Like, she will take all the sky in her hand,

A small child runs

Truly speaking,

Not here,

We want to stop at our childhood.

We want to play hide-n-seek

Not the way, we are playing now

We want to laugh and cry too

Not the way, it is happening now.

The truth is

We are jealous of our childhood

Tuesday, October 17, 2006

A Disarrayed Note on Poetry

[This is one of my earlier posts that I am republishing with a thought that some of my friends who missed it may feel like reading. This may be considered as an extension of the discussion on one of the Poems by David Matthews in Magna]


Now when I am no more writing poems, an abysmally void thought peeps into the mind, ‘Poetry does nothing to this world’. But somebody in the corner reminds me that it may be true that poetry may not make anything happen, but it survives. It may not help our world in a great sense, it may be fragile, but it extends in the wave of feeling, thought, and depth of relationship. Poetry may not have any practical consequence in its’ worst situation, yet it succeeds in the most difficult task of all – it “stretches the mind”.

During this dogmatic war of thoughts, two poets who instantly touch my inner breath are Pablo Neruda and Ramakanta Rath. Two great, one belonging to Chile, the Latin America and the other, native of Orissa of this subcontinent. My attempt here is not to produce an analogy of the poets. It is even true that I am incapable of putting them into the critical dissection of literary criticism. What I can do is what they do to me, i.e., stretch my mind, provoke me to feel not their words but the sculpture portrayed in these words. The cynicism of thought that words are the most inferior mode of communication stands unreal, when one starts reading Viente Poemas de Amo of Neruda, written way back in 1924, when he was a young boy of 20, still continuing his study at Santiago. He says “Everyday you play with the light of the Universe. Subtle visitor, you arrive in the flower and water…. You are like nobody since I love you…. … my words rained over you, stroking you…. Until I even believe that you own the universe…. I want to do with you what spring does with the cherry trees.” Imagine these words spoken by ”Sri Radha”, as created by Rath.

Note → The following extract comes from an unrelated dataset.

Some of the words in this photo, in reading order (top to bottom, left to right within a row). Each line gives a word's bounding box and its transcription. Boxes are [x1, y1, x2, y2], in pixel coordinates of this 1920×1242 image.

Radha’s love for Krishna is unmatched. But for sometimes I was confused that what is so great about her love for Krishna. Perhaps, the greatness lies in loving someone, when you know that you won’t get him or her. Radha knew that Krishna could not be her alone. He has certain duties to perform in this world. In spite of knowing this fact, she loved him. The conscious mind which knows the truth of not getting, can not love. Perhaps this made her love for Krishna so great. The poet, whose words can reflect this thought, as if Radha herself is speaking, definitely has grown with the words, its nomenclature, semantics, and poetry, not being slave rather mastering them to make others feel that words are not the inferior mode of communication.

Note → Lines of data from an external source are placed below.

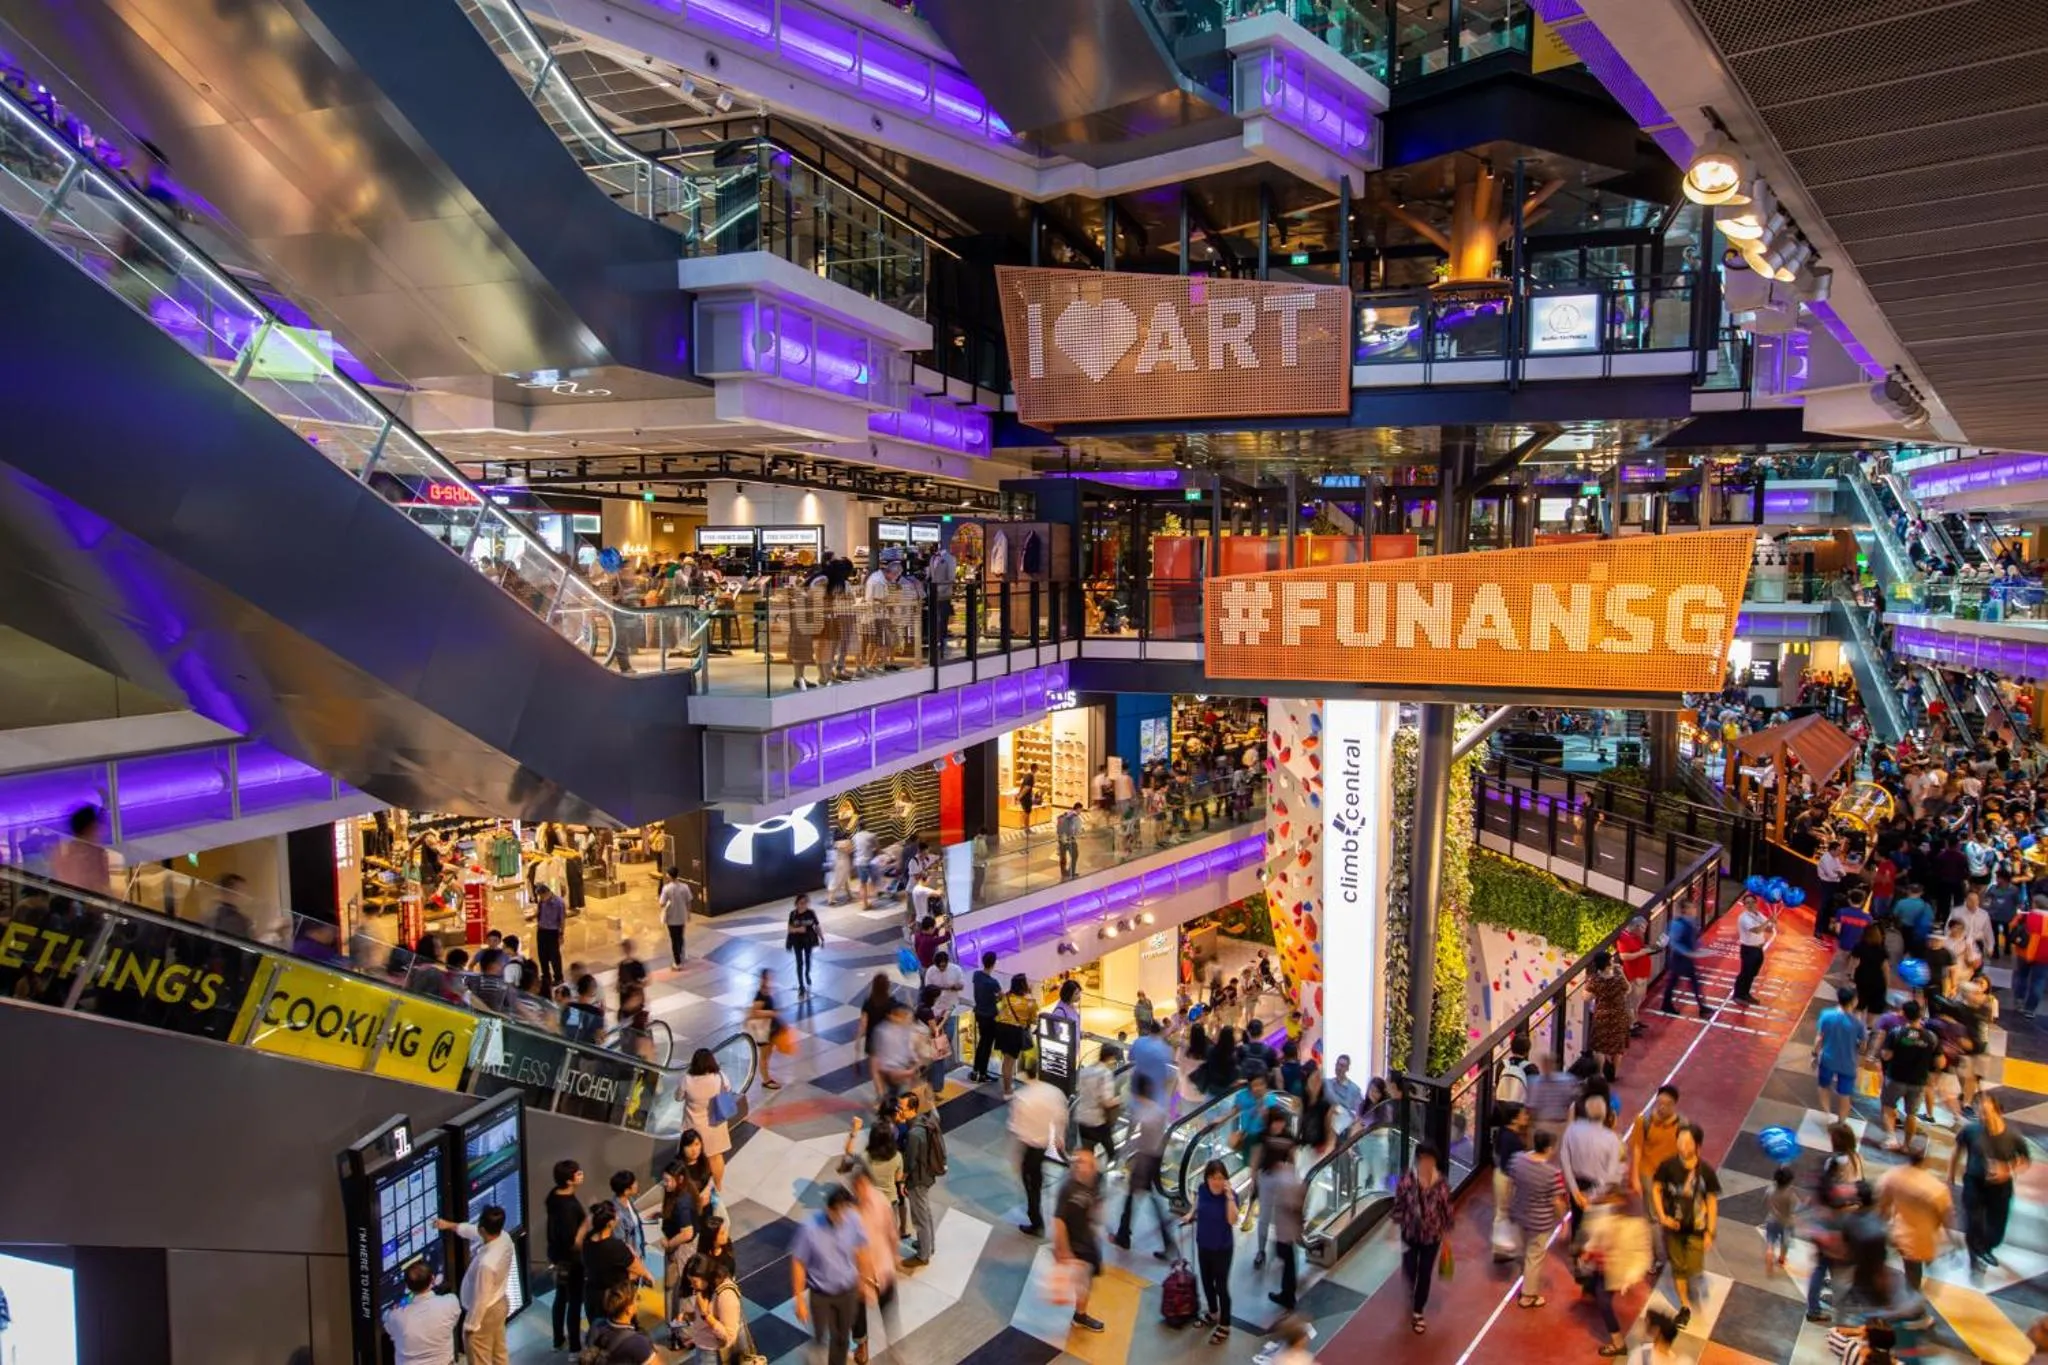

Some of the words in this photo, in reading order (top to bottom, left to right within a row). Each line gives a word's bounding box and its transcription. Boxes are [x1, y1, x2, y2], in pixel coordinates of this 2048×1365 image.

[1027, 303, 1044, 379] I
[1135, 293, 1316, 374] ART
[1219, 581, 1726, 655] #FUNANSG
[1343, 738, 1361, 821] central
[1341, 838, 1359, 903] climb
[262, 991, 422, 1058] COOKING
[395, 1126, 412, 1161] 1
[360, 1244, 369, 1271] HERE
[360, 1274, 369, 1287] TO

Rath’s creation of Sri Radha is considered to be a masterpiece of Oriya literature in this era. For long Radha’s feeling not only for Krishna but also her worldview, which was taken for granted becomes lively with Rath’s Sri Radha, where the protagonist (i.e. Radha) speaks herself.

A poet writes in the far south of America in mid 1920’s in his youthful years, and the other writes in a corner of this subcontinent in early 1990’s in his 50’s. Yet, the resonance created in these words take the same form, radiate the same feeling, penetrate the soul in same fashion. One writes in Spanish, the other in Oriya. What else can be more binding which withstands time, region, culture and language. For instance, when Neruda say’s

To night I can write the saddest lines.
Write, for example, ‘the night is shattered’
and the blue stars shiver in the distance.’

The night wind revolves in the sky and sings.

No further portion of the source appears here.